我有
FILE = open("file.txt", "r") #long text file
TEXT = FILE.read()
#long identification code with dots (.) and slashes (-)
regex = "process \d\d\d\d\d\d\d\-\d\d\.\d\d\d\d\.\d+\.\d\d\.\d\d\d\d"
SRC = re.findall(regex, TEXT, flags=re.IGNORECASE|re.MULTILINE)
如何在第一次出现SRC[i]
的第一个字符和下一个出现的第一个字符SRC[i+1]
之间获取文本,依此类推?无法找到任何直截了当的满意答案......
更多信息编辑:
pattern = 'process \d{7}\-\d{2}\.\d{4}\.\d+\.\d{2}\.\d{4}'
sample_input = "Process 1234567-89.1234.12431242.12.1234 - text title and long text description with no assured pattern Process 2234567-89.1234.12431242.12.1234 : chars and more text Process 3234567-89.1234.12431242.12.1234 - more text process 3234567-89.1234.12431242.12.1234 (...)"
sample_output[0] = "Process 1234567-89.1234.12431242.12.1234 - text title and long text description with no assured pattern "
sample_output[1] = "Process 2234567-89.1234.12431242.12.1234 : chars and more text "
sample_output[2] = "Process 3234567-89.1234.12431242.12.1234 - more text "
sample_output[3] = "process 3234567-89.1234.12431242.12.1234 "
答案 0 :(得分:1)
假设您有一个字符串some_str = 'abcARelevant_SubstringAcba'
,并且您希望字符串位于第一个A
和第二个A
之间;即期望的输出是'Relevant_Substring'
。
您可以使用以下行找到A
中some_str
出现次数的索引:
inds = [a.start() for a in re.finditer('A', some_str)]
现在inds = [3, 22]
。现在some_str[inds[0]+1:inds[1]
将包含'Relevant_Substring'
。
这应该可以扩展到您的问题。
编辑:这是一个具体的例子。
假设您有一个包含以下文本的文件“file.txt”:
Stuff I don't want.
0
Stuff I do want.
1
More stuff I don't want.
您想要使用所有数字(0-9)作为分隔符。因此,上面的0
和1
都将充当分隔符。

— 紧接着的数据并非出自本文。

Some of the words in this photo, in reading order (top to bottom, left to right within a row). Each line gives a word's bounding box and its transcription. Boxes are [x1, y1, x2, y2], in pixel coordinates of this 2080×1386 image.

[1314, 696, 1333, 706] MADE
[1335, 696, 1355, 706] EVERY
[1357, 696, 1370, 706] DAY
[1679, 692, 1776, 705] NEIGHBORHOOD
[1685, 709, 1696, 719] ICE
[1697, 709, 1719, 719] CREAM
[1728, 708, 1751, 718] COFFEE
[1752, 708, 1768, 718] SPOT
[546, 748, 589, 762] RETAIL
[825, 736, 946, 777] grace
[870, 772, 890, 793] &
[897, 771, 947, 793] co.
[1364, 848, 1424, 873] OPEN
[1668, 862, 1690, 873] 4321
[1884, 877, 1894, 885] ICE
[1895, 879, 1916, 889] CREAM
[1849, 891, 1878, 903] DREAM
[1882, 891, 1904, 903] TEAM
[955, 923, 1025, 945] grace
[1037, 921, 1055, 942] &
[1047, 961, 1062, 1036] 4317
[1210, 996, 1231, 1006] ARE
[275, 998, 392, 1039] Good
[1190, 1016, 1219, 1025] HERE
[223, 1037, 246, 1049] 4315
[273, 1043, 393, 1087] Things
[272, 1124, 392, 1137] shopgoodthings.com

请尝试以下代码:
import re
with open("file.txt", "r") as file:
data = file.read()
patt = re.compile('[0-9]')
inds = [a.start() for a in re.finditer(patt, data)]

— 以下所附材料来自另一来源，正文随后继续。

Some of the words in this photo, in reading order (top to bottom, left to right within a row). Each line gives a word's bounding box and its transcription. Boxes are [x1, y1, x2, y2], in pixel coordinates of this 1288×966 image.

print data[inds[0]+1:inds[1]]
这应打印出Stuff I do want.
答案 1 :(得分:1)
您可以使用此正则表达式:
(Process \d{7}\-\d{2}\.\d{4}\.\d+\.\d{2}\.\d{4}.*?)(?=Process)|(Process \d{7}\-\d{2}\.\d{4}\.\d+\.\d{2}\.\d{4}.*)
<强> Working demo 强>
)
匹配信息
MATCH 1
1. [0-105] `Process 1234567-89.1234.12431242.12.1234 - text title and long text description with no assured pattern `
MATCH 2
1. [105-168] `Process 2234567-89.1234.12431242.12.1234 : chars and more text `
MATCH 3
1. [168-221] `Process 3234567-89.1234.12431242.12.1234 - more text `
MATCH 4
2. [221-267] `Process 3234567-89.1234.12431242.12.1234 (...)`
您可以使用此代码:
sample_input = "Process 1234567-89.1234.12431242.12.1234 - text title and long text description with no assured pattern Process 2234567-89.1234.12431242.12.1234 : chars and more text Process 3234567-89.1234.12431242.12.1234 - more text process 3234567-89.1234.12431242.12.1234 (...)"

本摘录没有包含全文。